The ALJ's "decision . . . is the only insight [I] have into the ALJ's decision making process," id. at *9 (internal quotation marks and citation omitted), and the ALJ's decision provides me with no insight on how, or if, she resolved the conflict between Lopez's GAF score and the very medical opinions she sought to bolster by referencing the GAF score. This is an error that I cannot discount or overlook because "[c]onflicts in the evidence are for the Commissioner, not the courts, to resolve." Pennington, 2017 WL 4351756, at *1.

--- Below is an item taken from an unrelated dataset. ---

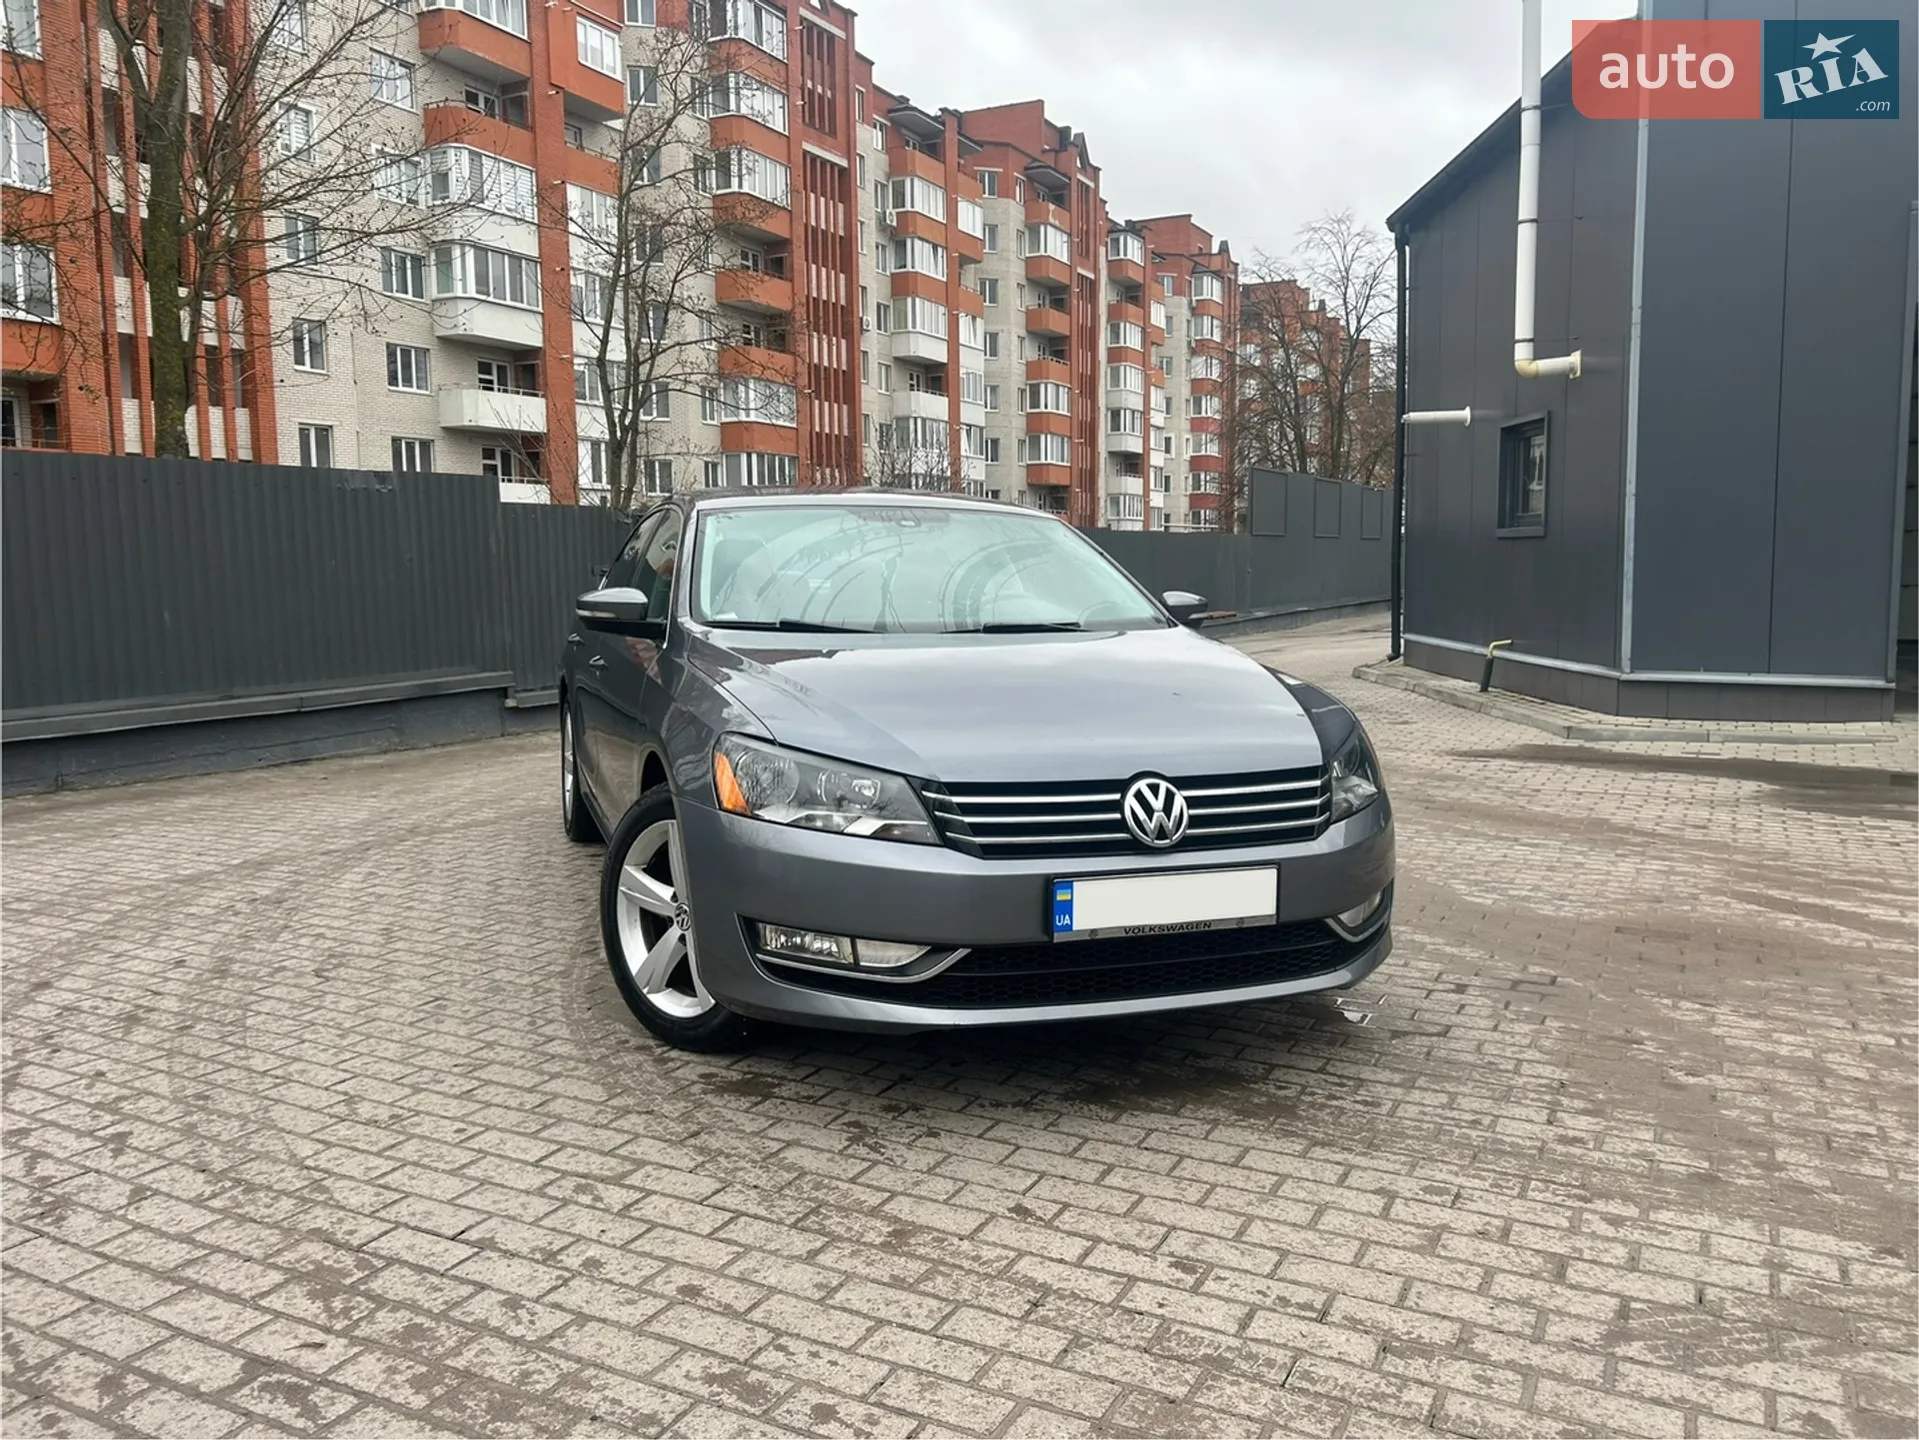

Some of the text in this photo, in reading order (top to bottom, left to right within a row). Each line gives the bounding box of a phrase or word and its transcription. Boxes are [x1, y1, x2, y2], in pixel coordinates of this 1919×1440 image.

Although the ALJ's conclusion as to the disability status of Lopez may ultimately be correct, she did not properly consider Lopez's GAF score when determining his RFC. I find that the error is harmful and remand is necessary because it is conceivable that the ALJ may have reached a different administrative conclusion if she realized the GAF score reflected serious symptoms, as opposed to moderate symptoms. See McNeal v. Colvin, No. 3:11-CV-02612-BH-L, 2013 WL 1285472, at *27 (N.D. Tex. Mar. 28, 2013).
Because this error warrants remand, I do not reach Lopez's remaining arguments.
CONCLUSION
For the reasons stated above, Plaintiff's Motion for Summary Judgment (Dkt. 16) is GRANTED, Defendant's Motion for Summary Judgment (Dkt. 20) is DENIED, and this case is REMANDED for reconsideration in accordance with this opinion and applicable law.
SIGNED this 2nd day of September, 2020.